Another recollection I have of Vietnam was the watch we had posted on the weather decks for hostile swimmers. Someone from deck force was assigned the watch to roam the deck with an M-16 looking for saboteurs carrying explosive charges to attach to the hull. None were ever sighted, but I remember some of the watches firing at floating debris. The CO eventually put a stop to that.
On a couple of occasions we tied up to a pier in Danang to take on stores and water. Durning those short periods of time, concussion grenades were dropped over the side every 20 or 30 minutes to discourage swimmers who might wish to put Conserver on the bottom. I remember being in the engine room and being showered with pieces of rust when those concussion grenades were detonated.
I went ashore twice, as I remember. The first time was in Danang to get food stores. Gunner Ralston and some of the divers lead the working party, wearing their greens and carrying 45s or M-16 for protection. To this day I have this strange sense that I could hear projectiles whizzing past my head as if snipers were trying to pick us off.
The other time I went ashore there was at China Beach, outside the harbor, for a little bit of liberty. The work boat took us in and dropped us in jellyfish infested water. I remember being with EN3 Kitchen on the beach for maybe an hour or so. Then we caught a ride to the exchange or possibly just for a drive around the base. While I was riding in the back of this pickup truck, a motorcycle pulled up along side between us and the curb. The passenger on the bike grabbed my watch band and tried to rip it off. I pulled my arm back and the riders immediately went down a narrow alley. It’s strange that I don’t remember if they got my watch or not. I think they did.
After the ride, and it’s funny that I don’t remember where we went or who was driving, we returned to China Beach to meet the work boat for our ride back to the ship. We stopped at a pier on the way and got off the boat for some reason. Later that evening, as we were weighing anchor and getting underway, I was preparing to drag a swab. Unfortunately, I was playing out the line as the Pilot house issued an all back full to the Master Control. The swab and line got caught in the screw and was pulled under. It was a good thing my foot was not fouled in the line or I would have gone under, too.

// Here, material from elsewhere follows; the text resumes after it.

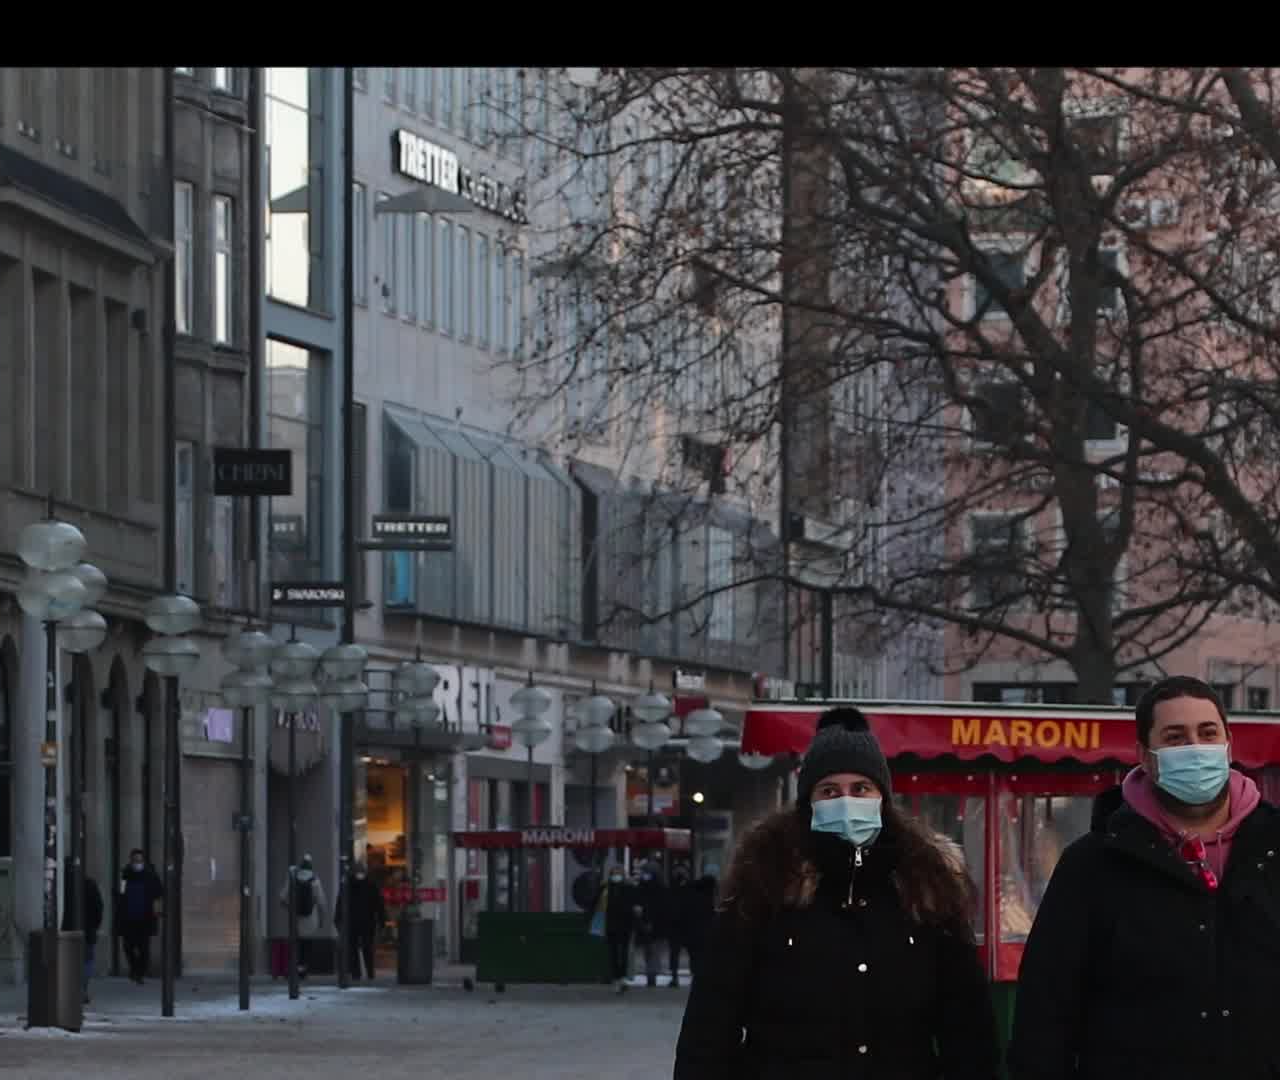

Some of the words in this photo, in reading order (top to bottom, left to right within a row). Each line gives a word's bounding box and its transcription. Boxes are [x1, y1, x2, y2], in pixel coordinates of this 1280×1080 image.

[399, 129, 458, 194] TRETTER
[951, 718, 1101, 749] MARONI
[521, 828, 596, 847] MARONI

One of the few times we tied up to the pier in Danang, we got a call to get underway immediately to assist the USS Lang which was dead in the water in the Gulf of Tonkin. It was mid-afternoon when we got underway. The next morning at sunrise I went to the fantail to see what seemed like a hundred ships there. I was over-come with amazement by the sight of the force those ships represented. I was impressed to see so many ships, not only in one place, but underway and operating together. I would love to have been part of such a task force. Meanwhile, the Lang, underway on one engine, beat us into Subic by a half a day.